The second new aspect is the idea to grant a three year test period for the functional verification in the framework of port state control, during which a malfunction should not trigger sanctions against the shipowner. This idea addresses the fact that the procedures and methods for effluent analysis are still under development and a major challenge. However, since the handling of such grace period will likely be left to the discretion of the individual port states, there may be attempts to »sell compliance stamps« somewhere – similar as just experienced with the Maritime Labour Convention (MLC).
Finally, MEPC 65 intends to make the IMO type approval procedures more transparent and in particular more meaningful regarding the performance of the BWT system under all operational conditions (same as USCG has aimed for). It is widely expected that the IMO General Assembly will adopt the MEPC 65 draft, although the vote in MEPC 65 was almost a draw.
This could motivate at least some of the missing and so far criticizing flag states with significant percentage of world fleet (as e.g. Panama ~20 %, Hong Kong ~7 %, Singapore ~5 %, Bahamas ~5 %, Greece ~4 %, Malta ~4 %, China ~ 4 %, Cyprus ~2 %, UK ~1.5 %, Japan ~1.5 %, Italy ~1.5 %) to ratify the BW Convention, as 37 states including Germany have done already, before the end of the year 2013. Even one of the top seven in the above list could close the gap to the last open ratification threshold from actually 30.32 to 35 % of the world tonnage and thus start the clock for the effective date of the BW Convention.

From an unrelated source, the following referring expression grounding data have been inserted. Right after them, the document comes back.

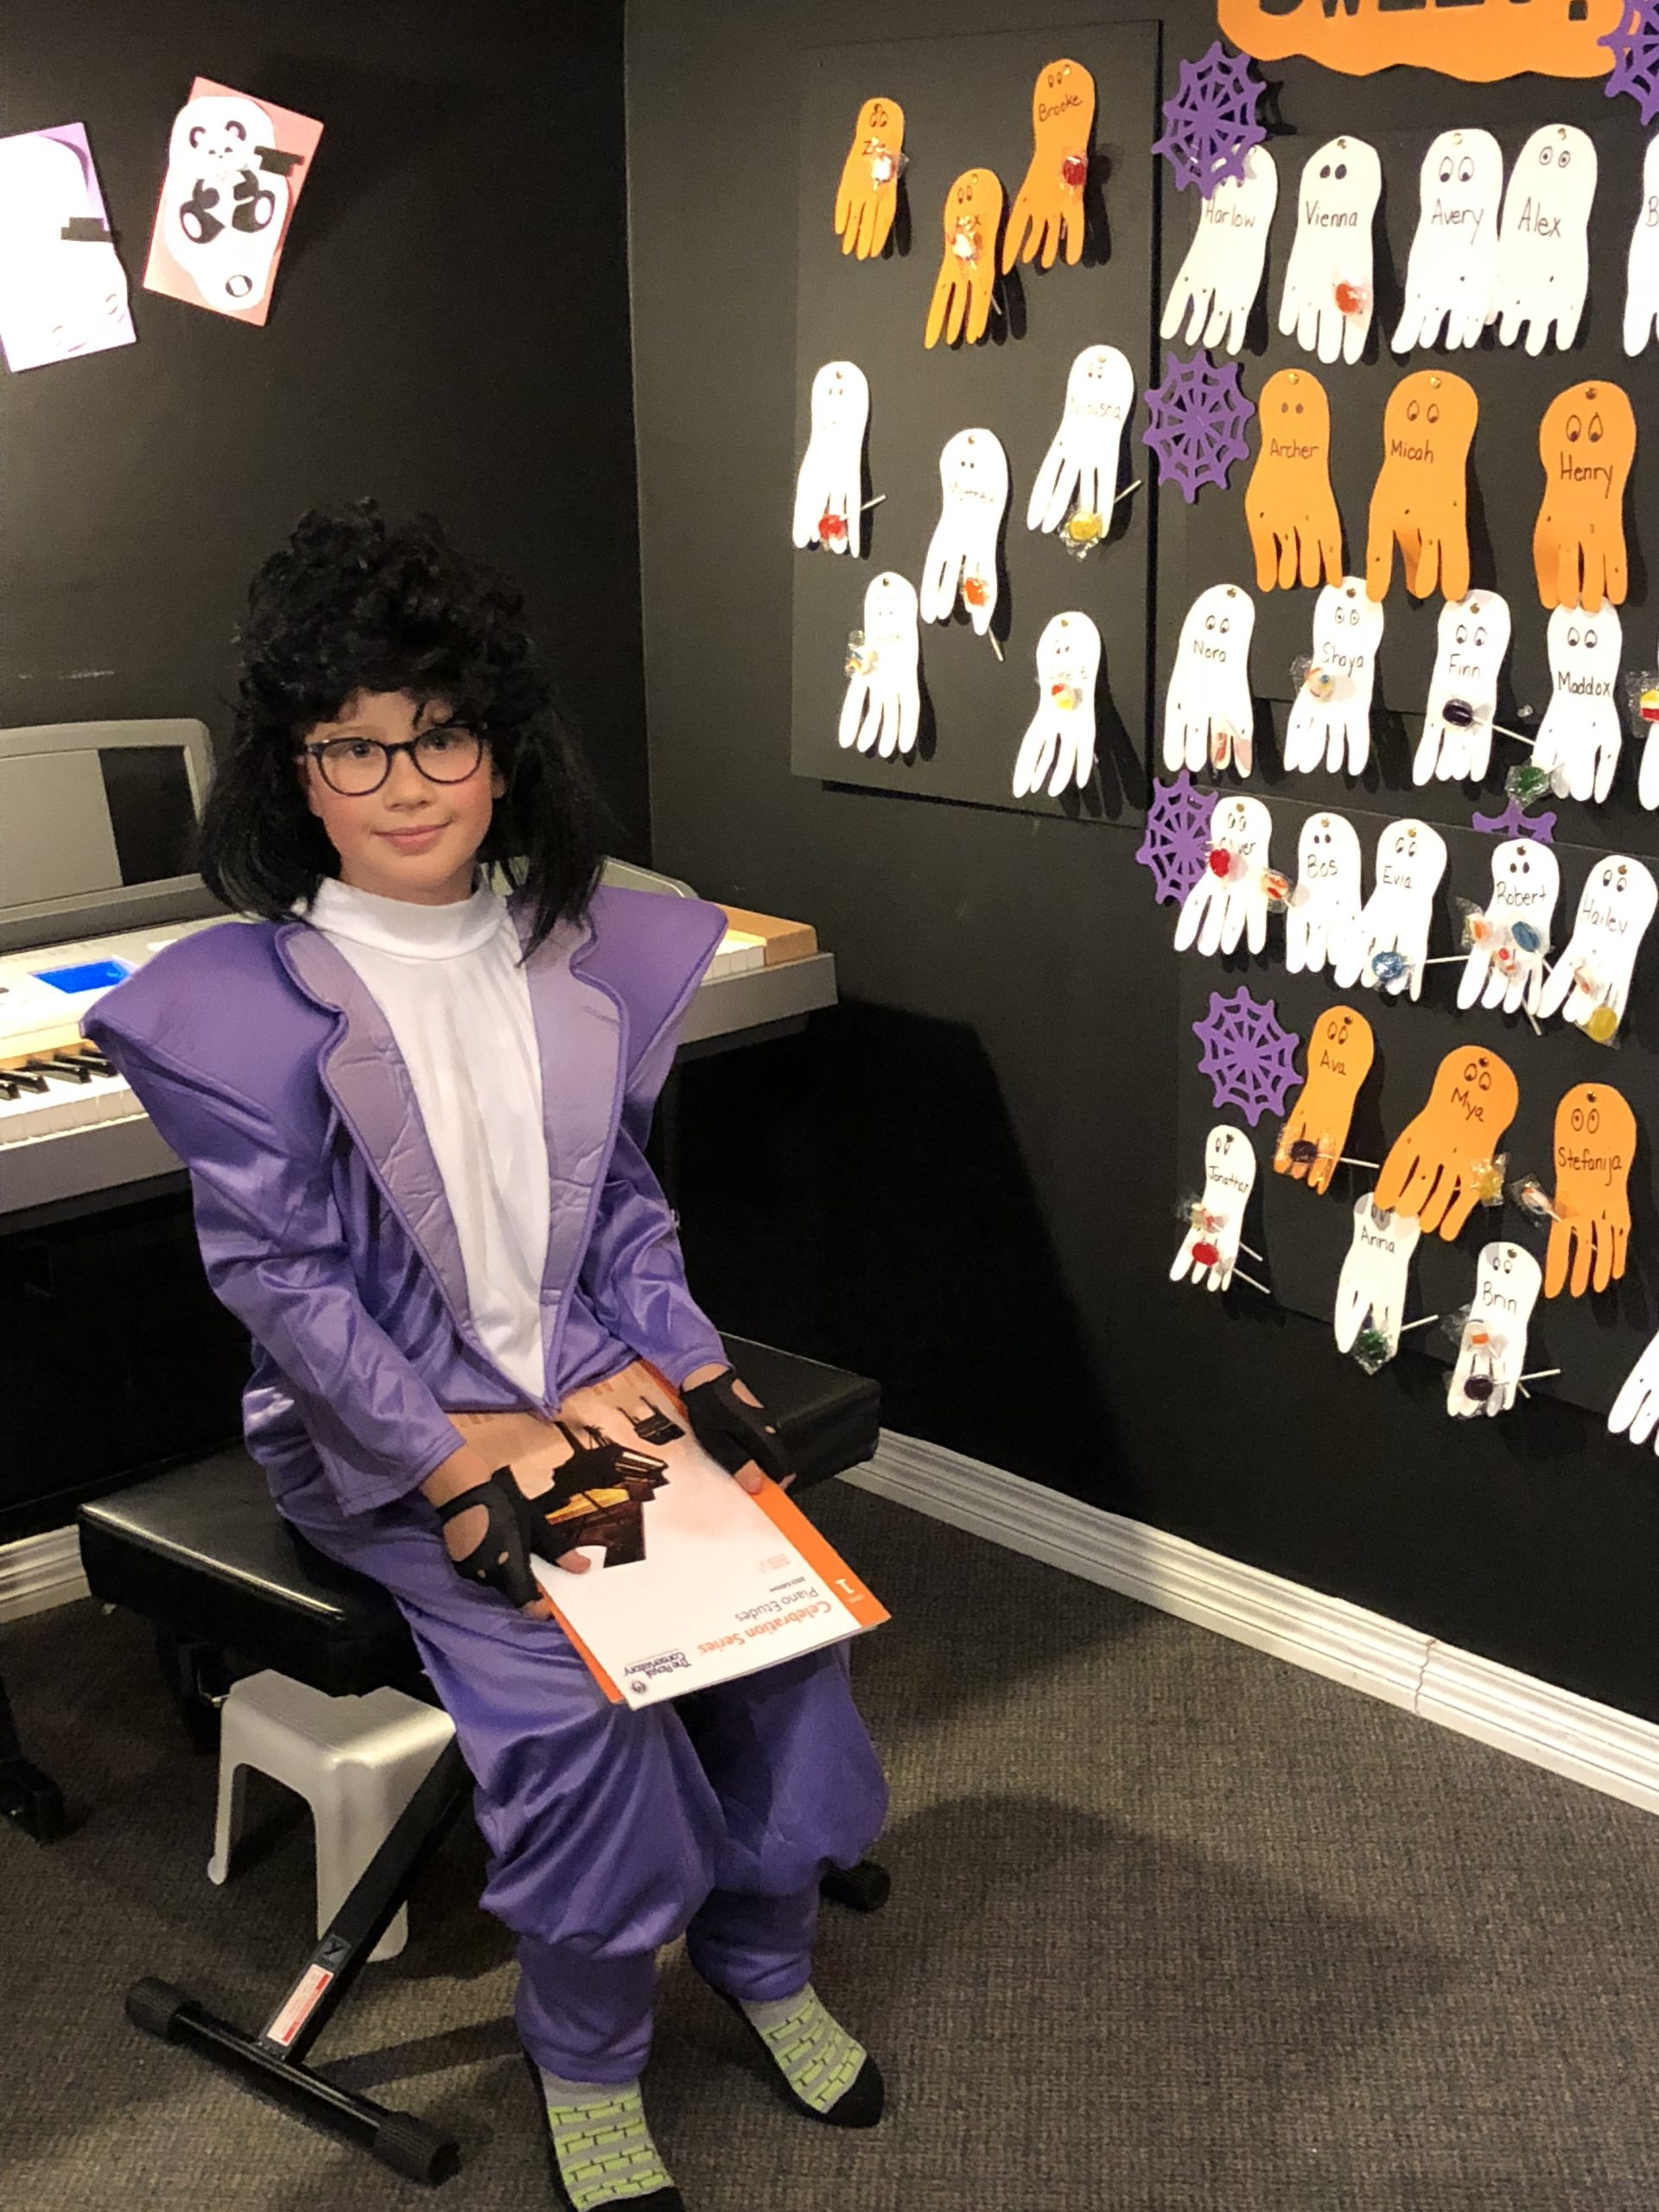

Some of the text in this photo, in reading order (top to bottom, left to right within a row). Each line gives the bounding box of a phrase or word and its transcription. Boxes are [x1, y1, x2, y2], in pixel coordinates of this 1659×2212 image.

[1039, 93, 1083, 122] Brooke
[1205, 196, 1255, 228] Harlow
[1306, 200, 1357, 227] Vienna
[1431, 198, 1484, 245] Avery
[1517, 196, 1561, 238] Alex
[1269, 437, 1319, 459] Archer
[1390, 439, 1434, 463] Micah
[1560, 450, 1614, 499] Henry
[1193, 639, 1226, 662] Nora
[1321, 642, 1364, 677] Shaya
[1448, 653, 1480, 677] Finn
[1558, 671, 1611, 696] Maddox
[1497, 881, 1547, 906] Robert
[1582, 895, 1628, 934] Hailey
[1319, 1049, 1346, 1076] Ava
[1451, 1087, 1485, 1122] Mya
[1558, 1146, 1623, 1186] Stefanija
[1361, 1224, 1395, 1254] Anna
[835, 1578, 855, 1594] 1
[734, 1586, 819, 1622] Piano Etudes
[745, 1600, 832, 1637] Celebration
[645, 1658, 691, 1678] The Royal

Disappointing market development so far, but surge of retrofit demand visible now
By the end of July 2013 approximately 450 ballast water treatment (BWT) units have been installed, while another 850 have been delivered and wait for commissioning, nearly all for newly built ships. At least 1,240 more BWT systems are in the order books, according to maker feedback to HANSA prior to this article, which is much less than makers were initially hoping for. Most of those orders are still designated for new ships under construction with deliveries stretching into 2016, while the retrofit market with an estimated potential of nearly 70,000 ships has not really developed yet.

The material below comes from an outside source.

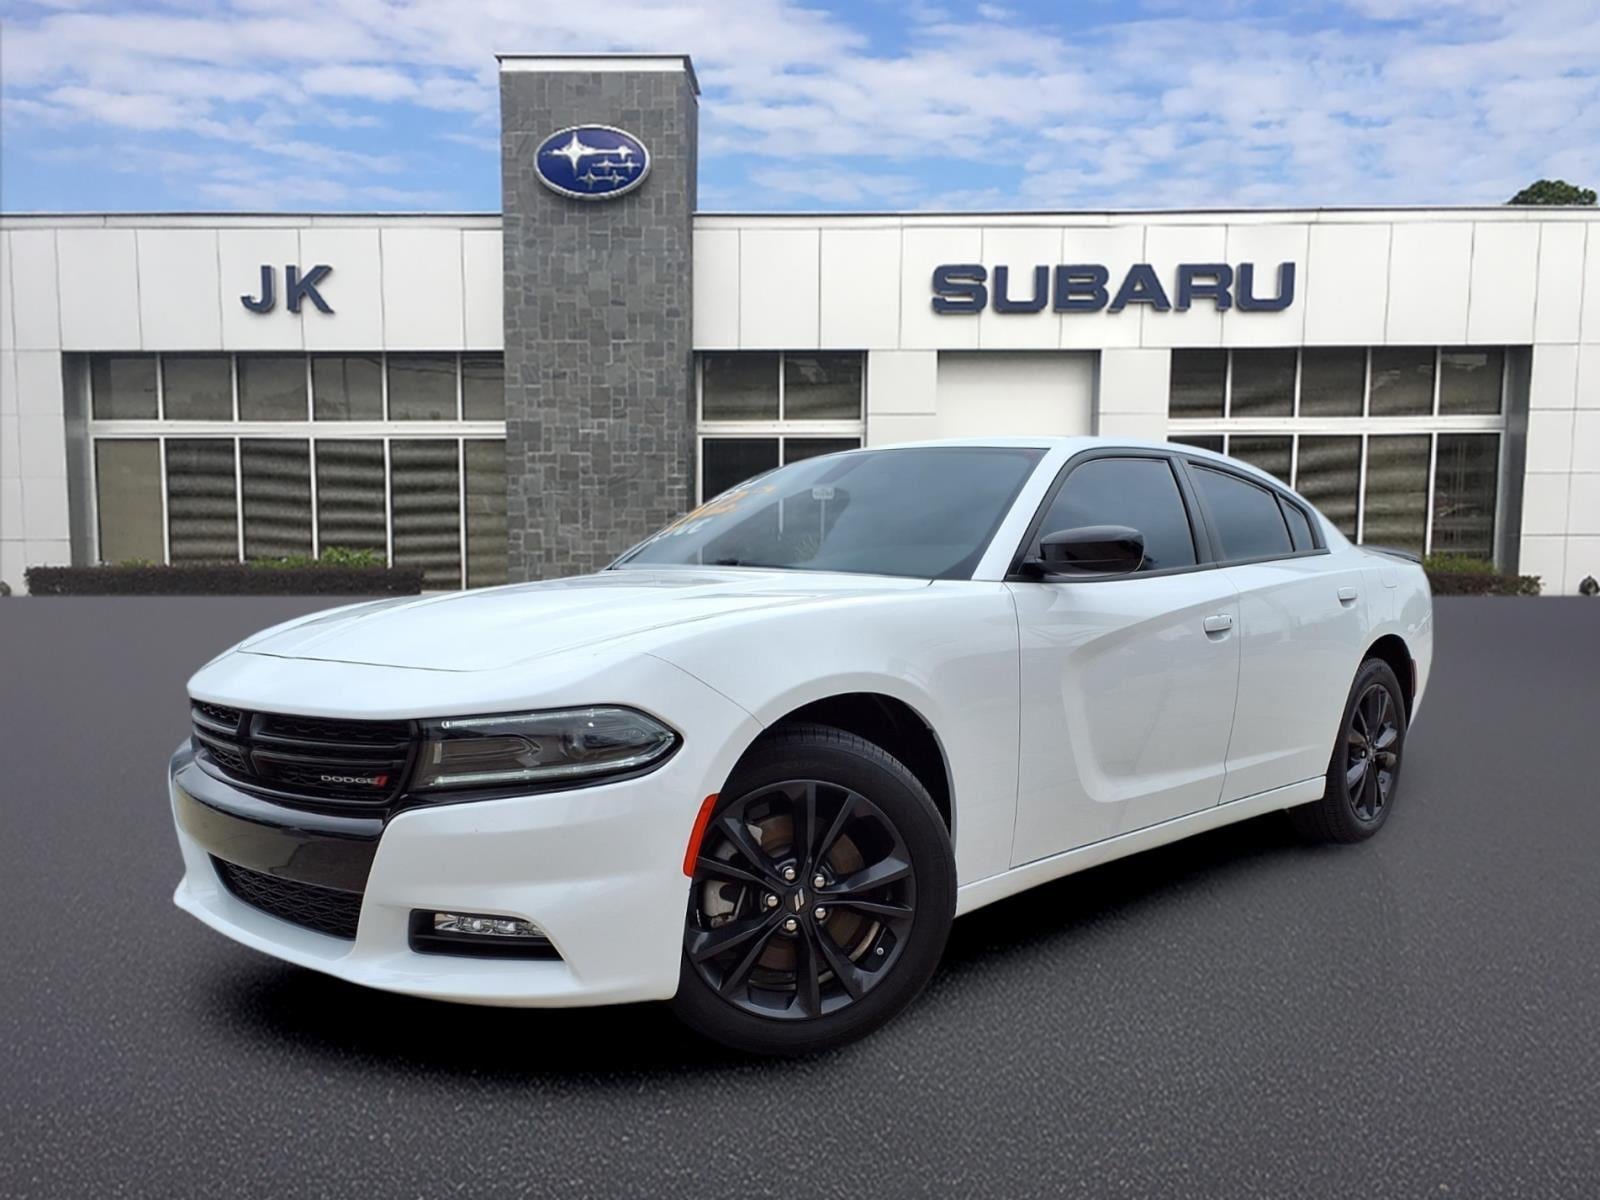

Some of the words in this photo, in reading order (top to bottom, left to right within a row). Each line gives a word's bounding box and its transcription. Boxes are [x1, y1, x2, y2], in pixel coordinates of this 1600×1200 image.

[240, 264, 335, 314] JK
[931, 262, 1296, 315] SUBARU
[320, 774, 379, 785] DODGE

However, the number of retrofit projects is expected to surge in 2015, if the convention would indeed be fully ratified early in 2014 and thus entering into force at the beginning of 2015. Ship operators would have to comply with the IMO D2 standard and thus install a BWT plant at the first renewal survey after entering into force, and so the demand for retrofit plants is estimated with nearly 5,000 units per year in 2015–2016 and then to increase to more than 12,000 per year for at least the rest of the decade.

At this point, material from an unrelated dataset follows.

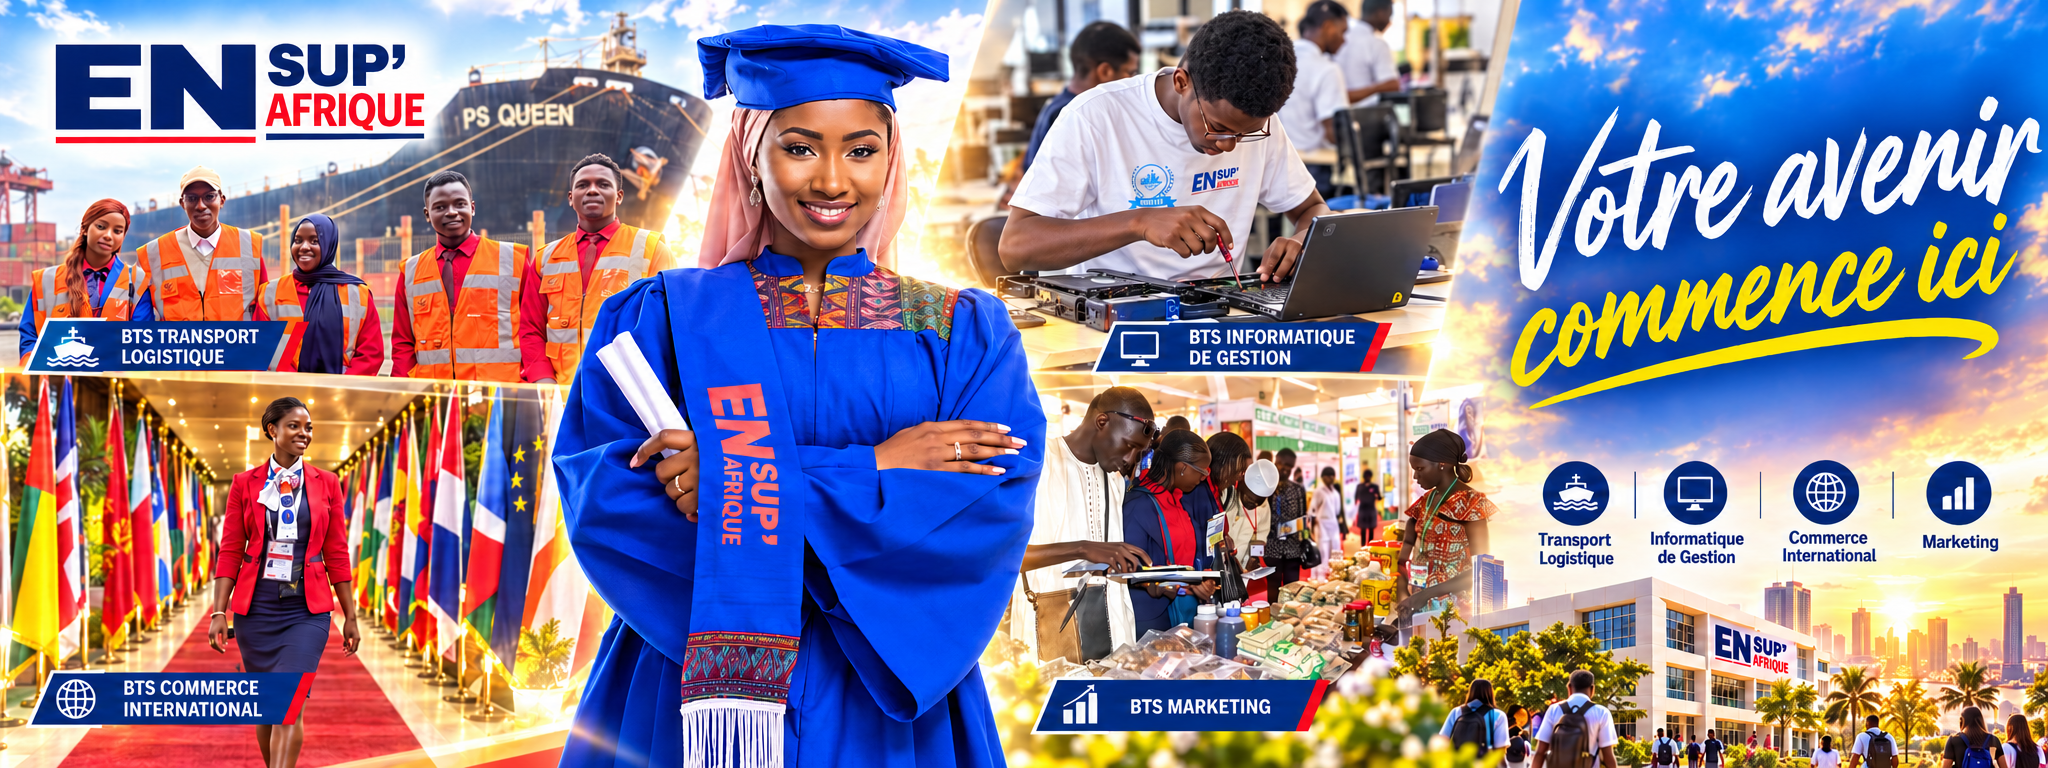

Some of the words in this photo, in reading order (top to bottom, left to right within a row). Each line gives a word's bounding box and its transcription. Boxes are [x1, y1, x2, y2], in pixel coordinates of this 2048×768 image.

The US Coast Guard estimates that approximately 9,000 foreign-flagged vessels are visiting US ports every year for which compliance with US ballast regulations will become now (and earlier than for the IMO regulations) mandatory, even if the implementation schedule has been a bit protracted. All this could lead to serious capacity bottlenecks on the supply side, taking into account that also 2,500–3,000 newbuildings will have to be equipped with a BWT plant every year. Shipowners, who could finalize their planning homework shortly, still have the opportunity to secure timely BWT plant delivery slots for relatively low prices with the suffering and hungry makers. The competition among the makers is fierce, even if two of them have withdrawn their products during the past months (Hamann/SEDNA and Wilhelmsen/Unitor).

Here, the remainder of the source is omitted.